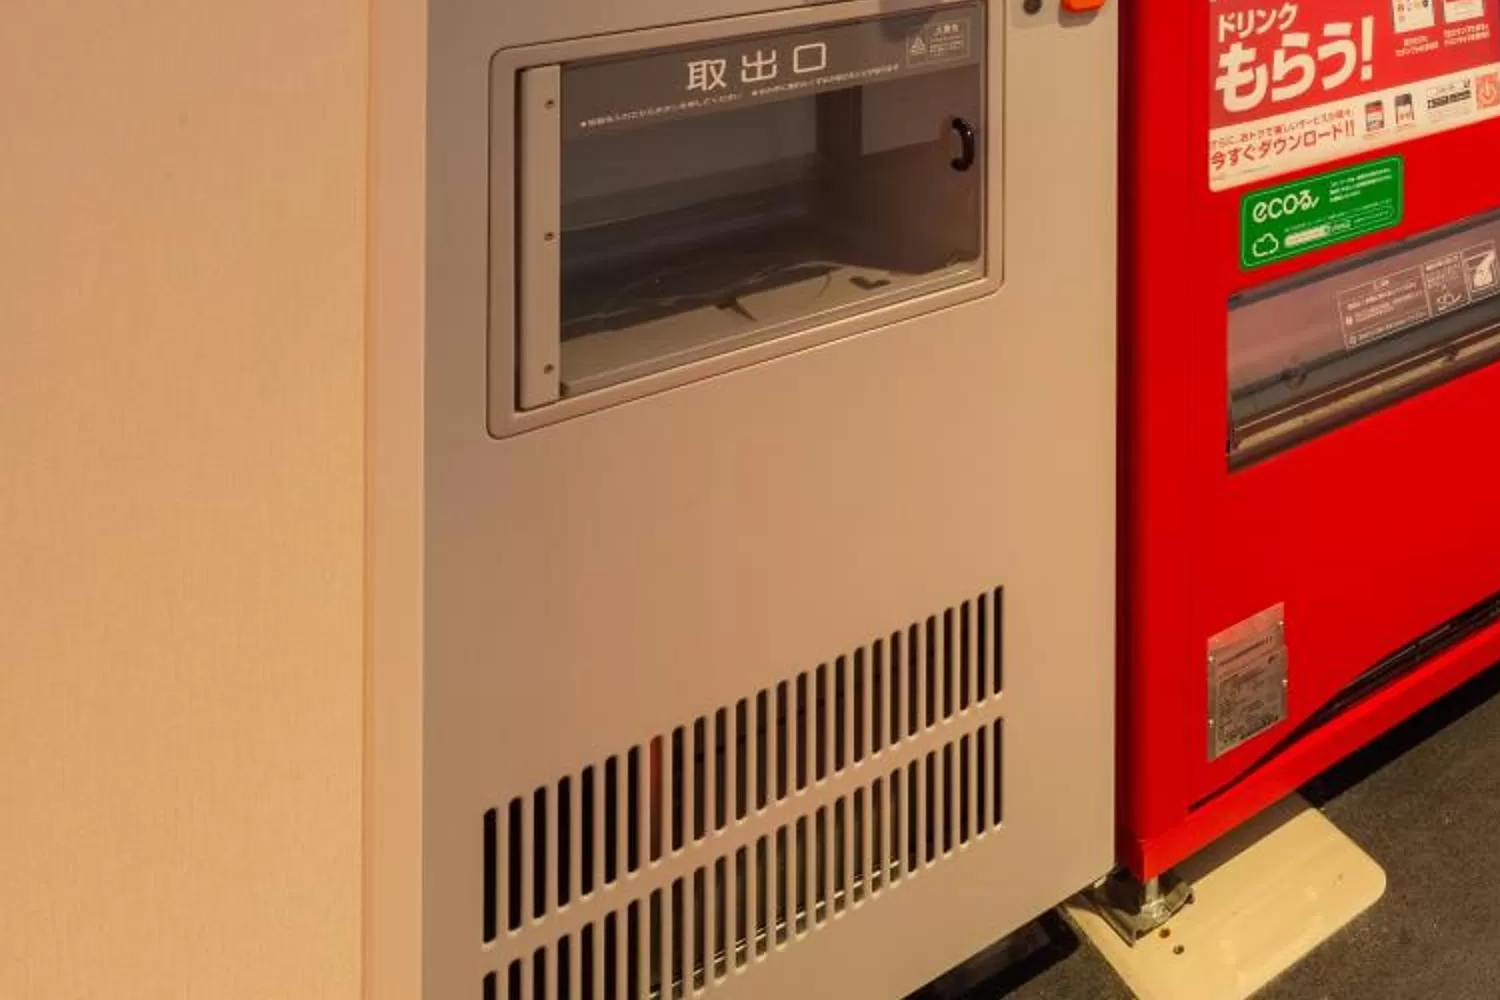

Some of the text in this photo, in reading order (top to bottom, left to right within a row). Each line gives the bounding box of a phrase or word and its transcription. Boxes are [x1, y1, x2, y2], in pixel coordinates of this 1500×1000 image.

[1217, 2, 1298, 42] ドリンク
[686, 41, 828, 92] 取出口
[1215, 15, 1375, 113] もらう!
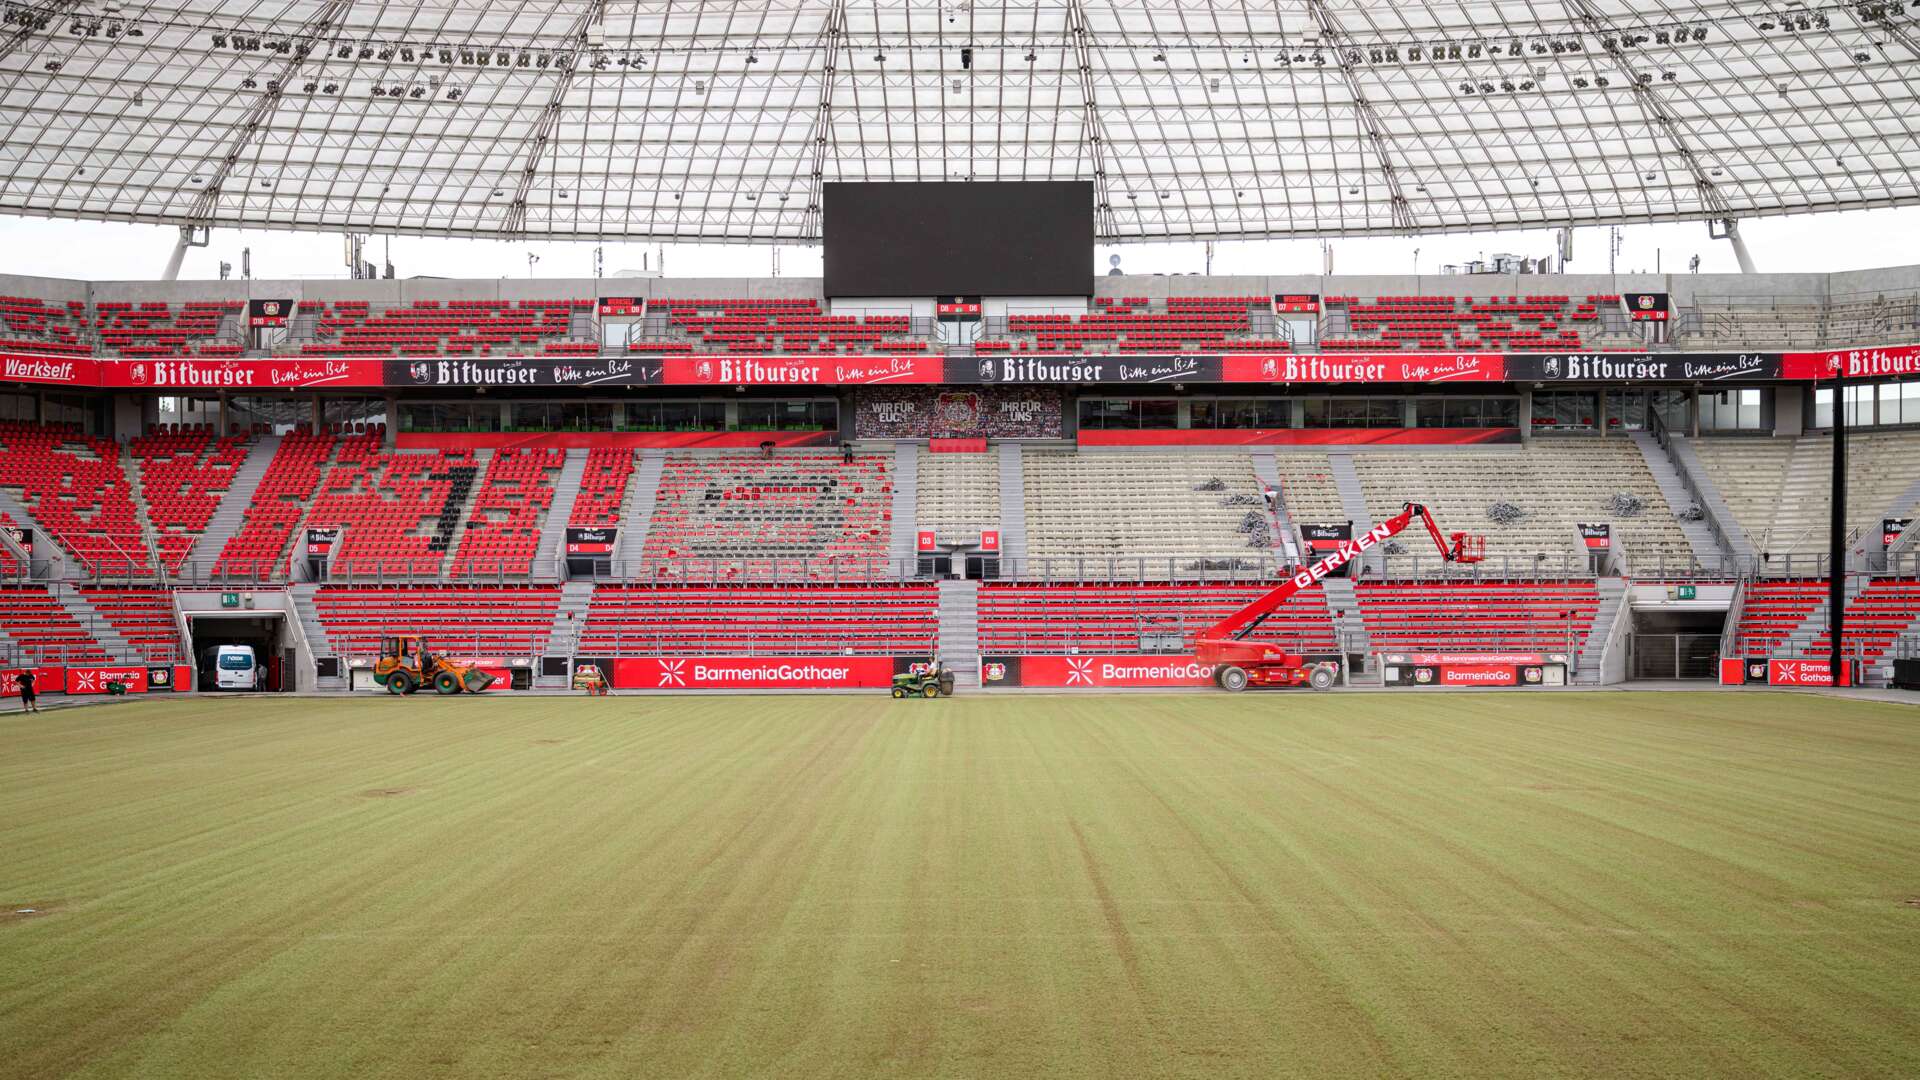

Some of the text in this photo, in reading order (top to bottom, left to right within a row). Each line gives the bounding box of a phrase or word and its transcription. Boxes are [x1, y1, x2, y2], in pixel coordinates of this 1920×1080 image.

◇ ◇ ◇

WORK TO BE COMPLETED >> Only the pictures are to be left out; copy all the remaining material above exactly.

SOLUTION BELOW >>
Some of the text in this photo, in reading order (top to bottom, left to right within a row). Each line gives the bounding box of a phrase or word and its transcription. Boxes are [x1, y1, x2, y2], in pixel coordinates of this 1500×1000 image.

[1217, 2, 1298, 42] ドリンク
[686, 41, 828, 92] 取出口
[1215, 15, 1375, 113] もらう!

Some of the text in this photo, in reading order (top to bottom, left to right within a row). Each line gives the bounding box of a phrase or word and its transcription. Boxes are [x1, y1, x2, y2], in pixel coordinates of this 1920×1080 image.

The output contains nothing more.